Re: pg_standby -l might destory the archived file

From
Tom Lane
Date:
Fujii Masao <masao.fujii@gmail.com> writes:
> If so, it might be deleted after triggering the warm-standby. But, we cannot
> remove it because the latest xlog file which is required for normal recovery
> might exist in it. This is another undesirable scenario. Is this problem?
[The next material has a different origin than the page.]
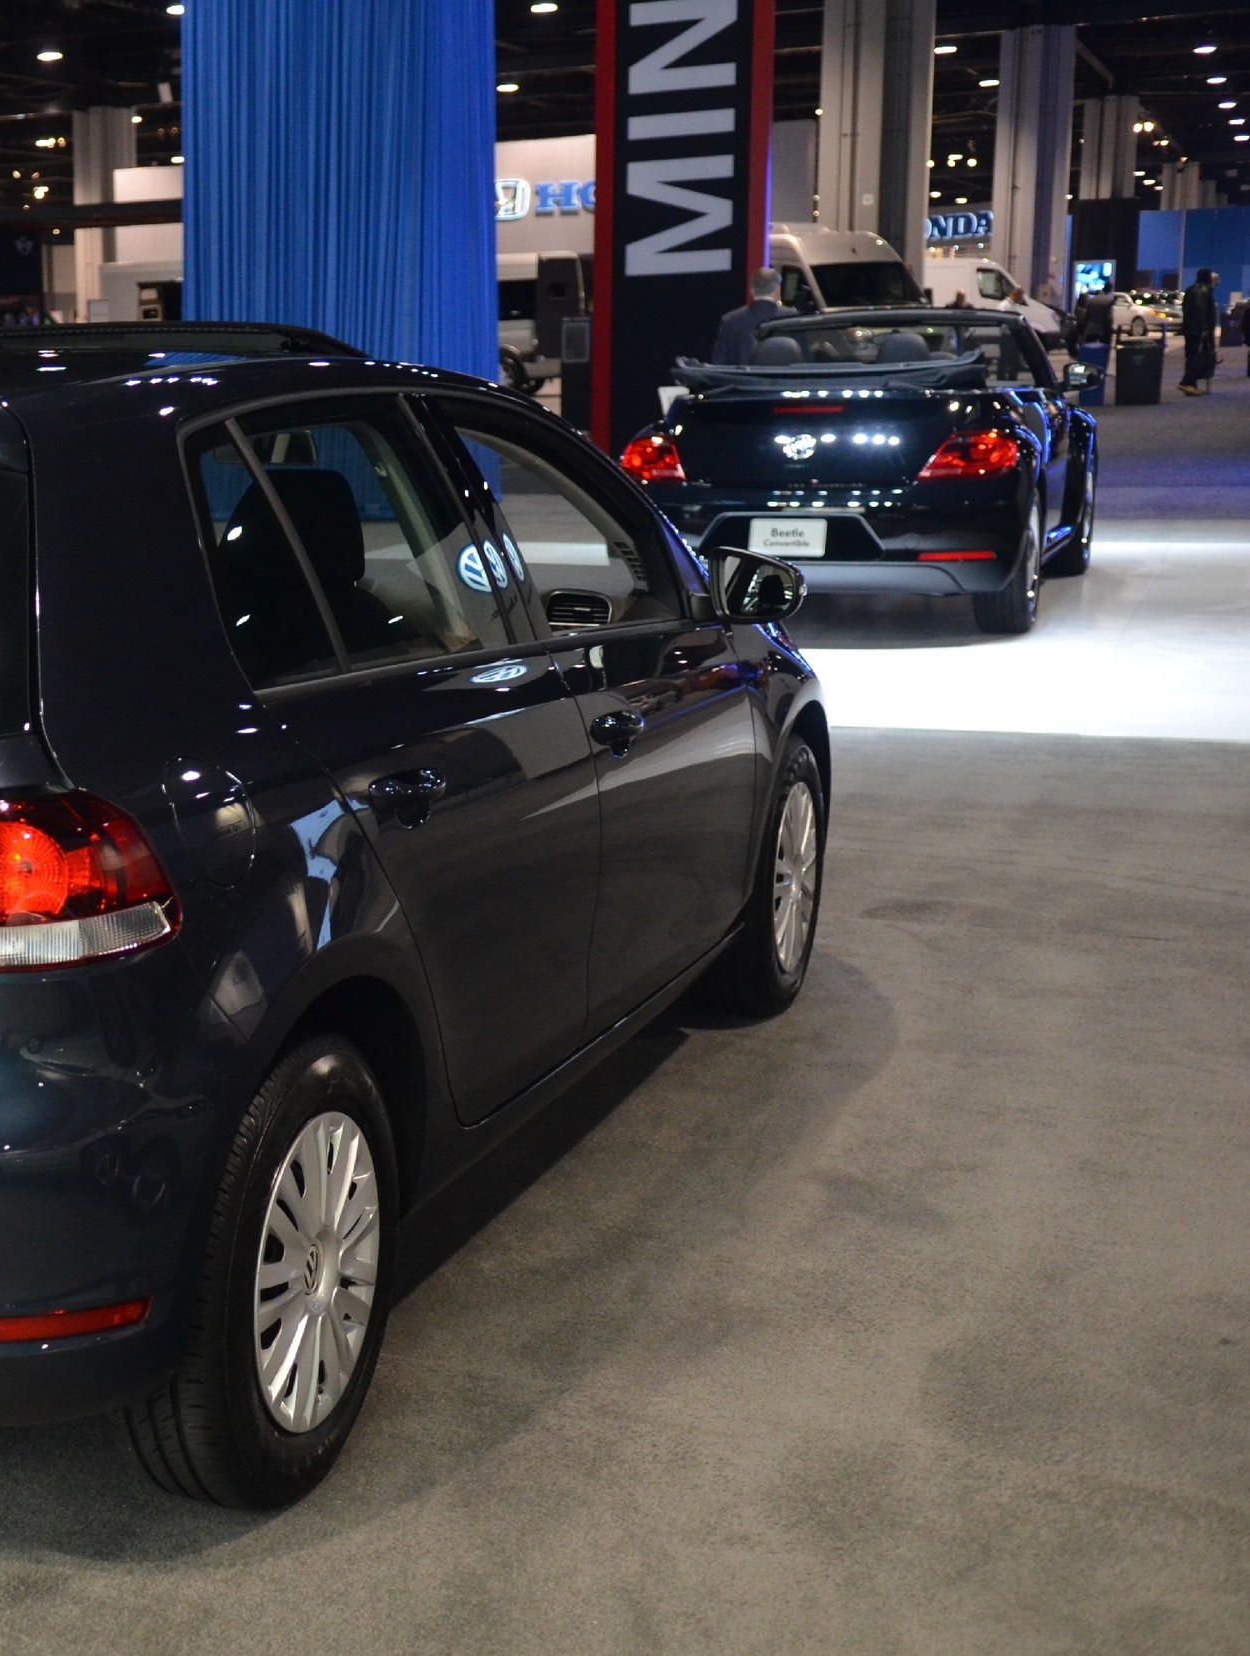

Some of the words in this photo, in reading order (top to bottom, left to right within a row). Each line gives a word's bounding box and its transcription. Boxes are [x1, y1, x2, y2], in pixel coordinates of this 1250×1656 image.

[625, 0, 738, 276] MIN
[925, 210, 993, 241] NDA
[763, 538, 811, 548] Convertible
[770, 527, 805, 538] Beetle
What recovery?  In the problem case you're positing, the slave server
has executed a checkpoint and come up live.  It's never going to be
interested in the old xlog again.
        regards, tom lane


Re: pg_standby -l might destory the archived file

From
Fujii Masao
Date:
Hi,

On Tue, Jun 2, 2009 at 10:00 AM, Tom Lane <tgl@sss.pgh.pa.us> wrote:
> Fujii Masao <masao.fujii@gmail.com> writes:
>> If so, it might be deleted after triggering the warm-standby. But, we cannot
>> remove it because the latest xlog file which is required for normal recovery
>> might exist in it. This is another undesirable scenario. Is this problem?
>
> What recovery?  In the problem case you're positing, the slave server
> has executed a checkpoint and come up live.  It's never going to be
> interested in the old xlog again.

Yes, the old xlog itself is not used again. But, the *old file* might
be recycled
and used later. The case that I'm looking at is that the symlink to a temporary
area is recycled. Am I missing something?

Regards,

--
Fujii Masao
NIPPON TELEGRAPH AND TELEPHONE CORPORATION
NTT Open Source Software Center


Re: pg_standby -l might destory the archived file

From
Tom Lane
Date:
Fujii Masao <masao.fujii@gmail.com> writes:
> Yes, the old xlog itself is not used again. But, the *old file* might
> be recycled and used later. The case that I'm looking at is that the
> symlink to a temporary area is recycled. Am I missing something?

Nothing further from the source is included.